Isaac Lidsky, author and entrepreneur, asks “What reality are you creating for yourself?” in his June 2016 TEDtalk. Blinded over the course of thirteen years by a genetic disease, Lidsky was certain,”Blindness meant I would live an unremarkable life, small and sad, and likely alone.” Confronting the reality of his blindness meant, similar to Andy Dufresne, he would either need to get busy living or get busy dying. Lidsky chose to allow his lack of sight to expand his vision in other ways. He chose to confront his fears on what blindness would mean in his life.
Andy, Isaac and Jayme share a simple belief, born of the circumstances they have found themselves in: Life is for living — no matter what.
On September 9th, 2013, the day after she had watched her uncle Dave (just four years her senior) cross the finish line of his Ironman, Jayme decided it was time to train for her own bucket list goal: Become a finisher herself. She began to prepare for the 2014 Ironman event with the support of her family and close friend, Gretchen. Up at dawn before her twin daughters, Olive and Abigail, and not-quite-two-year-old son, Miles, awoke, she would swim, bike, or run. She’d get in a second workout in the evening. With Dan’s help, she worked almost full-time, cuddled her babies at every spare moment, and worked out like a demon.

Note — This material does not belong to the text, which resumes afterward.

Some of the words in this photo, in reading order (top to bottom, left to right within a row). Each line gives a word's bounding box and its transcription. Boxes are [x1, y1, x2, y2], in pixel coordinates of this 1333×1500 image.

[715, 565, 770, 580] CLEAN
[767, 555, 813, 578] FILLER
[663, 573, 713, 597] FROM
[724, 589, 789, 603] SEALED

While training for the 112 mile bike race portion of the Ironman, she was introduced to a group of cyclists. “This great group of guys (it’s an all men’s cycling group) are just addicted to biking — they eat, sleep and
breathe biking — they watch movies and insane races about biking. When they’re at the coffee shop, pub or beer garden they can’t stop talking about biking — they’re totally fun!” They invited her — the lone woman — along on their rides. Suddenly, she’s thirty or forty miles away from home with people most of whose names she didn’t know. But, that happens all the time to Jayme — people invite her along and she accepts their kindness. The same thing had happened in 2006 when she and Dan wanted to learn to swim so they could compete in triathlons. “I still remember his name, Todd,” she says of her swim instructor. “You could tell he had this great energy, he really wanted to help his students learn.”

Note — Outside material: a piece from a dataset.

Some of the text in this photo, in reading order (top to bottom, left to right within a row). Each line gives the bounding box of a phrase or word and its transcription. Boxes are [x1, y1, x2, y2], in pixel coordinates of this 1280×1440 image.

The essence of Jayme-ness isn’t her will or her indomitable courage, though she has both in abundance. It’s her glowing, overflowing, radiant heart. Hatched from pain, she transcends the walls most of us feel closing around us. She says “yes” to adventure. She’s willing to try something to find out what she thinks about it, without worrying what anyone else is doing or saying. She sometimes drinks beer from shoes.
If Jayme can do it, so can I. So can you.
Be awesome in real life.
Your turn: What reality have you chosen? How have you used your life experiences to help you live more fully?